The Raw Scent of a War Zone — Ukraine, June 2023
War zones offer up experiences that you don’t get anywhere else. Sensory experiences that will stay with you. I have spent six months in total in Ukraine since the start of the full invasion in 2022 but certain episodes are well-remembered. Like last night.
After a 1500 km roadtrip all over Ukraine with my NGO Bikes4Ukraine.org in 30 degree heat, I boarded a train to Kyiv. A fifteen hour journey lay ahead. I was alone in the four-person sleeping compartment. At first.
At a stop farther along, three soldiers boarded. They were fresh from the front lines — with all the intense odor you would expect from young men fighting Russian aggression in trenches in blazing heat — and then squeezing into a small train compartment without A/C.
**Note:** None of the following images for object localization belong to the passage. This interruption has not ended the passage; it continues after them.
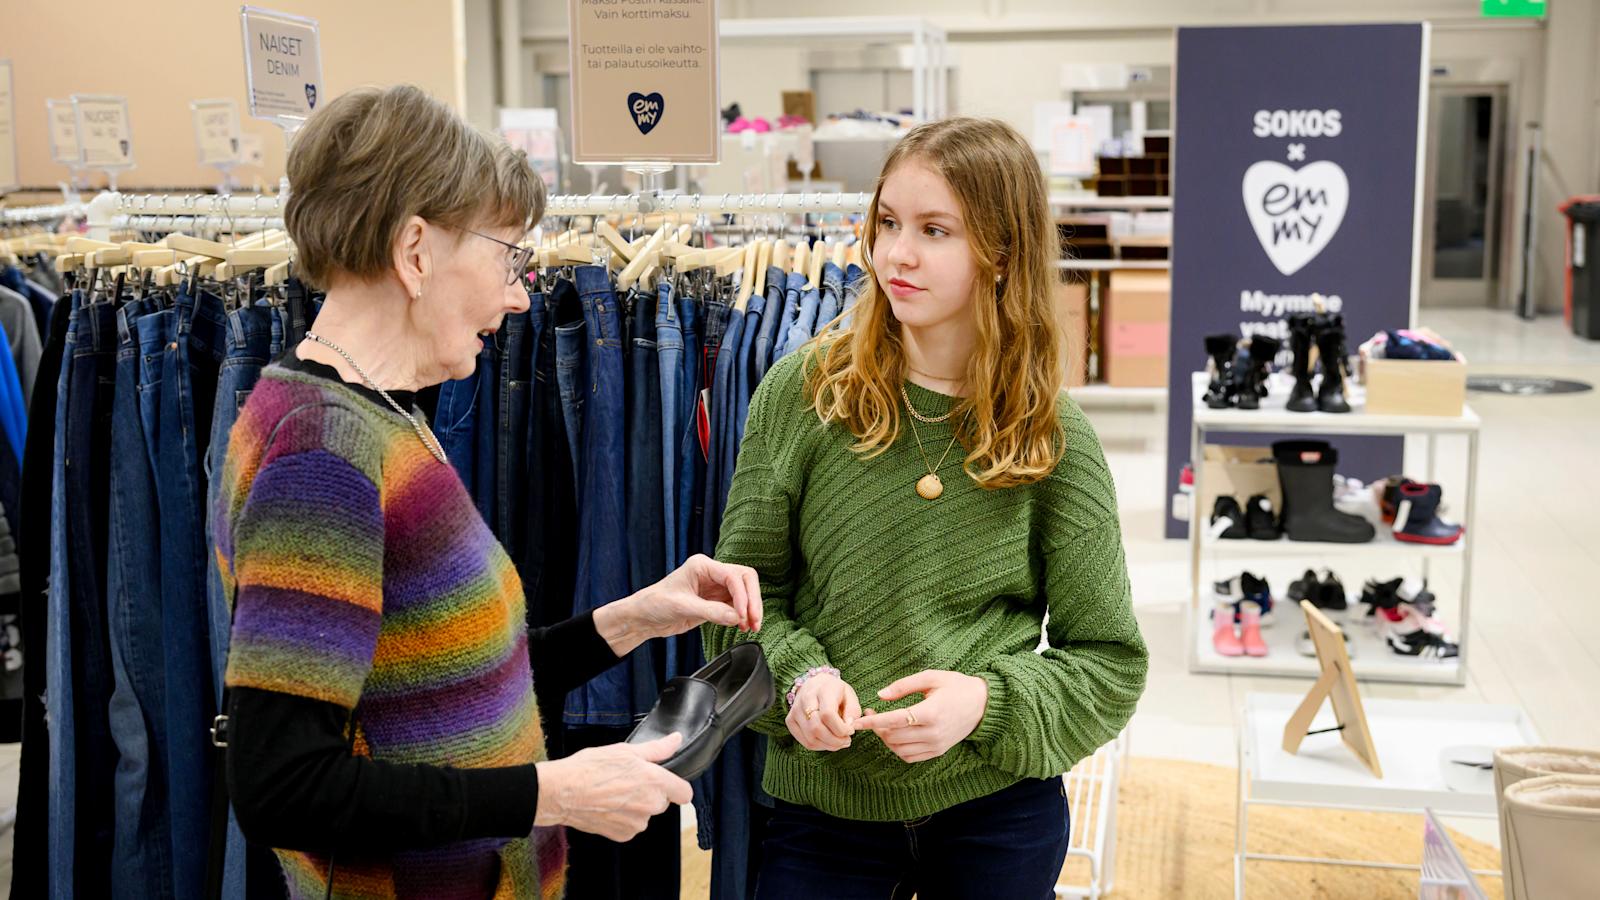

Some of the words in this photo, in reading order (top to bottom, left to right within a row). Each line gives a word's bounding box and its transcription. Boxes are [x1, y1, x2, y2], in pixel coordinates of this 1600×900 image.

[593, 9, 619, 19] Vain
[621, 9, 691, 19] korttimaksu.
[259, 31, 303, 56] NAISET
[581, 44, 633, 54] Tuotteilla
[635, 44, 646, 54] ei
[647, 44, 665, 54] ole
[667, 44, 708, 54] vaihto-
[266, 58, 300, 77] DENIM
[587, 58, 602, 69] tai
[604, 58, 701, 71] palautusoikeutta.
[1253, 109, 1343, 138] SOKOS
They were drunk on vodka and high on some other substance and they were borderline aggressive until they learned I was foreign. They kept napping fitfully and then waking up and talking loudly. Internal disputes kept rising to the surface but they dissipated like morning fog each time. They spoke in the simple, distorted grammar of inebriation. About Bakhmut and the counter-offensive but I heard the name Bakhmut countless times. The booze and drugs were medication after that experience — and fair enough.
One of them wanted so badly to speak to me — it was mutual — but he was sadly unintelligible in his state. He used a crutch and his right leg was injured. The muscles in his calf had already shrunk to a third of the size of his good leg. He kept his military backpack on for most of the journey and he had a fanny pack that was clearly important to him. He counted his cash over and over and over. He didn’t have much. He also kept pulling out a gold chain and fondling it. All night long he was obsessive about checking whether his fanny pack was closed. His two bags were very important to him.
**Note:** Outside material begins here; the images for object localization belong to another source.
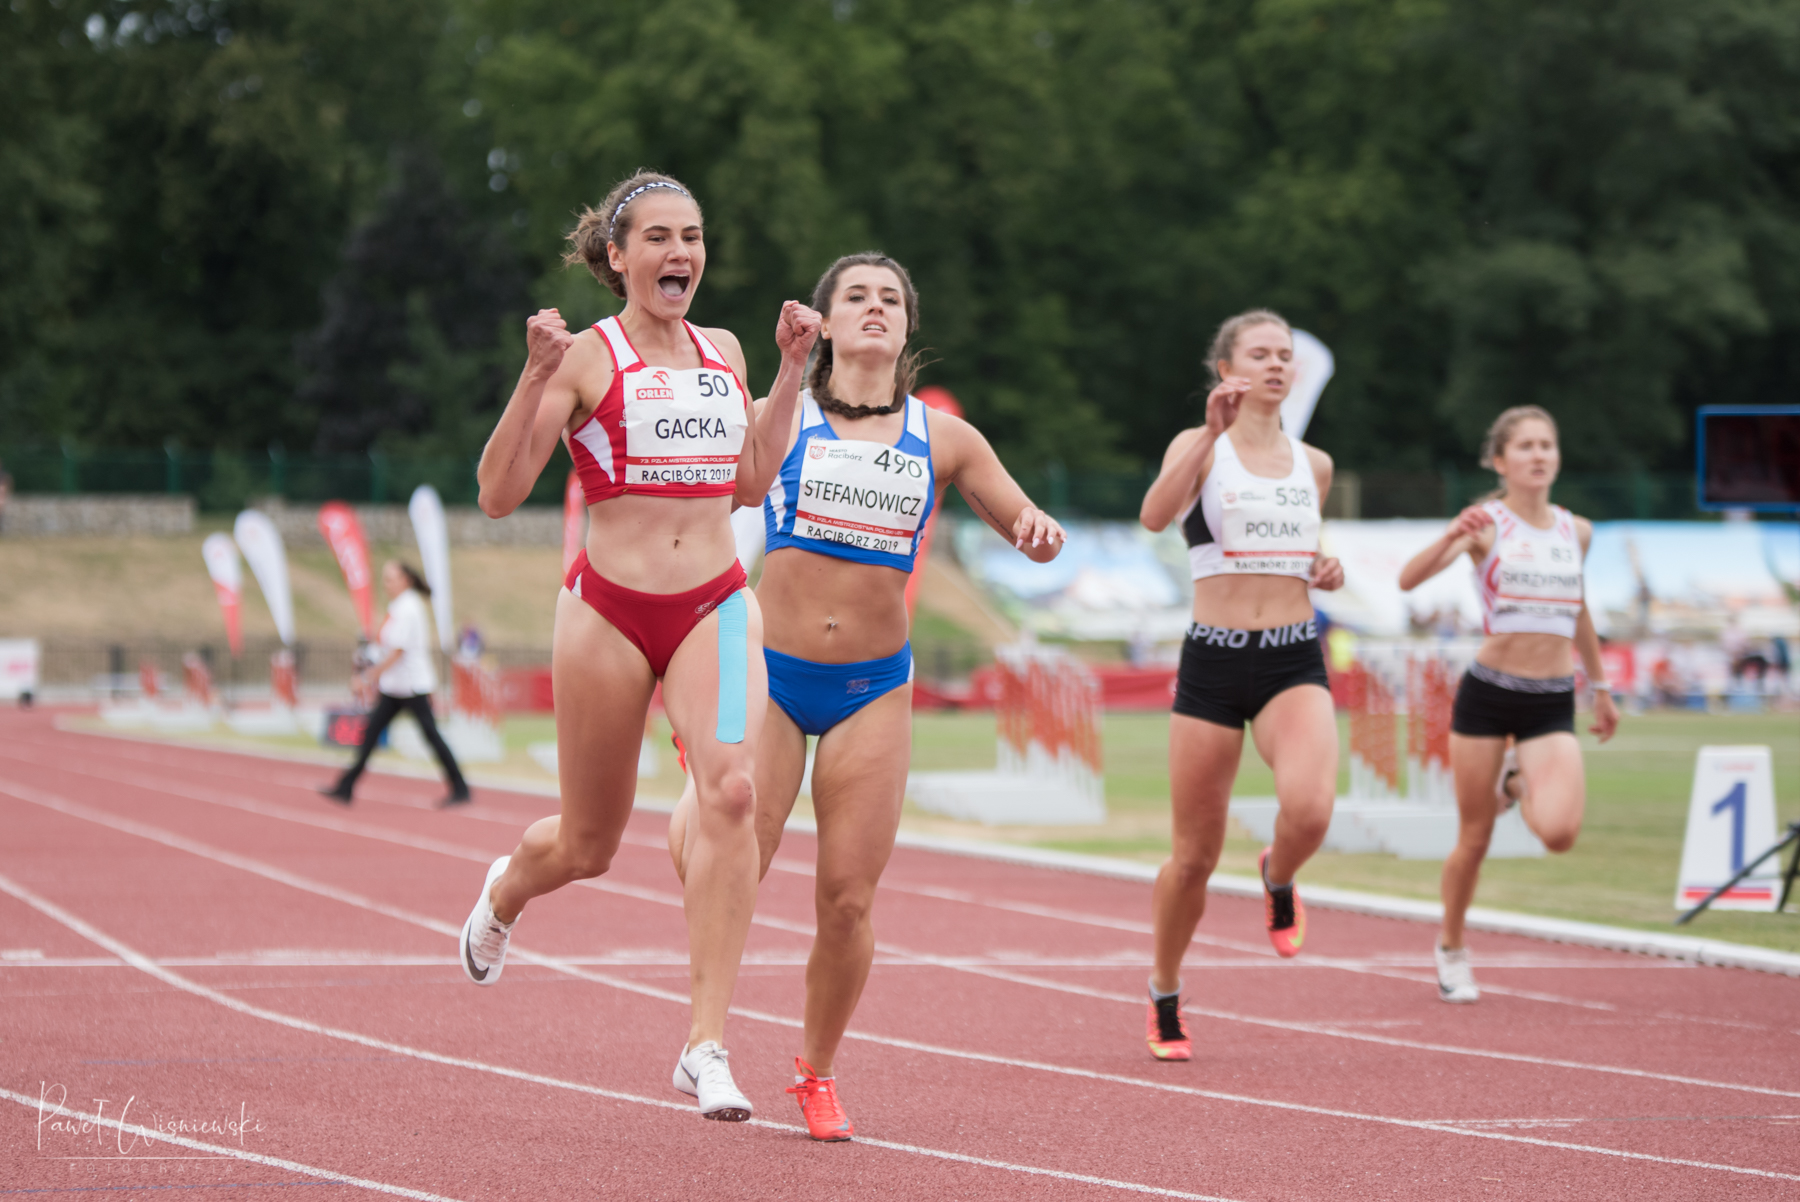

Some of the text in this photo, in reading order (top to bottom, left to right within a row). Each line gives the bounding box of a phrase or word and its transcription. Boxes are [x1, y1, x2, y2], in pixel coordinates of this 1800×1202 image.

[637, 389, 673, 399] ORLEN
[698, 374, 729, 397] 50
[655, 418, 727, 439] GACKA
[642, 466, 731, 482] RACIBÓRZ 2019
[874, 449, 922, 478] 490
[804, 479, 921, 516] STEFANOWICZ
[1275, 488, 1311, 507] 538
[833, 520, 873, 532] MISTRZOSTWA
[1245, 522, 1301, 538] POLAK
[807, 525, 899, 551] RACIBÓRZ 2019
[1234, 558, 1287, 570] RACIBÓRZ
[1192, 618, 1318, 649] PRO NIKE
[1711, 781, 1747, 876] 1
Finally they slept, as did I. Windows wide open and curtains flapping as the old soviet-era train rumbled dutifully towards the capital. In the morning, they were quiet and humble. The drugs and booze had worn off. We smiled at each other. Checked our phones since the signal was back as we approached Kyiv. Looked out the window at the dawn.
As we pulled into the station, I showed them my phone. I had translated a text into Ukrainian:
“Please stay safe. Thank you for protecting Europe. Victory!”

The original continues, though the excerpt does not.